By Yusef Rhymer, CPA
02.12.19 | Berdon Industry Insights
For businesses that over produced or over purchased food, or have food inventory nearing the end of its shelf life, there can be a silver lining. The Protecting Americans from Tax Hikes (PATH) Act gave a permanent tax benefit to food wholesalers and retailers—providing businesses with food inventory the opportunity to plan physical donation processes and set up long-term relationships with charitable food bank organizations to maximize their tax benefits.
In general, a business must use the adjusted basis, usually the purchase price, for a charitable deduction of inventory. Under the PATH Act, an enhanced tax deduction for food inventory is permanently available for businesses, resulting in the deduction equaling the lesser of the average of the adjusted basis and fair market value (FMV) or double the adjusted basis.
If inventory was purchased for $10,000 and the FMV was $15,000, then the charitable tax deduction would be $12,500, based on the average. If the purchase price was $5,000 and the FMV was $20,000, then the tax deduction would be $10,000, based on double the purchase price.
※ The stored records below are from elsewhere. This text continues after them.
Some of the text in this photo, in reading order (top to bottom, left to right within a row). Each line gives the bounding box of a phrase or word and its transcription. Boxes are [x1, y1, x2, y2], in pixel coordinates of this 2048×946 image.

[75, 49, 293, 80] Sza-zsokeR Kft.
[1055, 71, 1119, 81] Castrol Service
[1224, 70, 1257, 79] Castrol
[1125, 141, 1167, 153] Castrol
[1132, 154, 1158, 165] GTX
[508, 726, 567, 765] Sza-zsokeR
In many cases, wholesale food distribution or cultivation companies have a fair market inventory value that exceeds their cost by more than double. In these circumstances, most eligible donations for food companies fall below the retail level and will garner a deduction of double the cost.
If a company with an average of $5 million in inventory discards 5% of the inventory over the course of the year, it could potentially receive an additional deduction of $250,000 for properly donating the food. At today’s personal tax rates for pass-through business owners, the tax savings could exceed $100,000. For C corporations, the potential tax savings could be in excess of $65,000.
The active owners of a pass-through entity or the corporate entity itself may not receive an immediate tax benefit because there are limits on charitable deductions at the personal and corporate levels. For C corporations, this deduction is limited to 15% of the taxable income before charity, for each tax year. If the limitations affect these charitable deductions, then the excess amounts can be carried forward for up to five years on the entity’s return. Shareholders, partners, or members of pass-through entities face charitable deduction limitations on their personal returns also. These specific charitable deductions are limited to 15% of the aggregate taxable business income flowing from the businesses with food donations. This limitation is in addition to the normal 60% of adjusted gross income (AGI) limitation for charity. A five-year carryforward on limited charitable contributions is also allowed for individuals.
Documentation and Verification
A company must be able to prove it donated the inventory to a 501(c)(3) charitable organization. As proof of 501(c)(3) status, the company can check the tax exempt organization search page on the IRS’ website or request a tax exempt certificate from the organization. For substantiation of the tax deduction, you can use a receipt of the donation from the organization, as long as the receipt lists the organization as a 501(c)(3). With that accomplished, the company must be able to document the FMV of each donation and the reasonable method used to determine the FMV.